━━━━━ DATA RECORDS

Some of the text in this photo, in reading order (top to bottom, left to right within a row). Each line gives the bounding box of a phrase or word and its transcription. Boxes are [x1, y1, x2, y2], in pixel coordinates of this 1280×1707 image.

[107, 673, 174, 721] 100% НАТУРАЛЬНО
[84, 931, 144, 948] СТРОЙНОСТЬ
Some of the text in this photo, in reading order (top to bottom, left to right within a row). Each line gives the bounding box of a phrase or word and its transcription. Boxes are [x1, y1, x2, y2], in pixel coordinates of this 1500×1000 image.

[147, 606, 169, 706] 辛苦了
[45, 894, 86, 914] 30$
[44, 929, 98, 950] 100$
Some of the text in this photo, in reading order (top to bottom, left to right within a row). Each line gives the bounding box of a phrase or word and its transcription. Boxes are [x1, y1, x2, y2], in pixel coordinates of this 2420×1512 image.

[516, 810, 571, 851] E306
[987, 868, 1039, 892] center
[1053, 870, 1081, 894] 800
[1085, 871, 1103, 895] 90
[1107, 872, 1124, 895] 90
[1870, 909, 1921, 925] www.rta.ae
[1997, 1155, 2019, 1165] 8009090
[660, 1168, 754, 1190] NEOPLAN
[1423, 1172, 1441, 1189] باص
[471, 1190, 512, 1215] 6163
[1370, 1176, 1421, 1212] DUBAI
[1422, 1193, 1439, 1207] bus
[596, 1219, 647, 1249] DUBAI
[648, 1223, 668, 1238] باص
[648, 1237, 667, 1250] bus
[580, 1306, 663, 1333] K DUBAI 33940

━━━━━━━━━━

WHAT TO PRODUCE> Return the listing above in its entirety, word for word.

COMPLETED TASK>
Some of the text in this photo, in reading order (top to bottom, left to right within a row). Each line gives the bounding box of a phrase or word and its transcription. Boxes are [x1, y1, x2, y2], in pixel coordinates of this 1280×1707 image.

[107, 673, 174, 721] 100% НАТУРАЛЬНО
[84, 931, 144, 948] СТРОЙНОСТЬ
Some of the text in this photo, in reading order (top to bottom, left to right within a row). Each line gives the bounding box of a phrase or word and its transcription. Boxes are [x1, y1, x2, y2], in pixel coordinates of this 1500×1000 image.

[147, 606, 169, 706] 辛苦了
[45, 894, 86, 914] 30$
[44, 929, 98, 950] 100$
Some of the text in this photo, in reading order (top to bottom, left to right within a row). Each line gives the bounding box of a phrase or word and its transcription. Boxes are [x1, y1, x2, y2], in pixel coordinates of this 2420×1512 image.

[516, 810, 571, 851] E306
[987, 868, 1039, 892] center
[1053, 870, 1081, 894] 800
[1085, 871, 1103, 895] 90
[1107, 872, 1124, 895] 90
[1870, 909, 1921, 925] www.rta.ae
[1997, 1155, 2019, 1165] 8009090
[660, 1168, 754, 1190] NEOPLAN
[1423, 1172, 1441, 1189] باص
[471, 1190, 512, 1215] 6163
[1370, 1176, 1421, 1212] DUBAI
[1422, 1193, 1439, 1207] bus
[596, 1219, 647, 1249] DUBAI
[648, 1223, 668, 1238] باص
[648, 1237, 667, 1250] bus
[580, 1306, 663, 1333] K DUBAI 33940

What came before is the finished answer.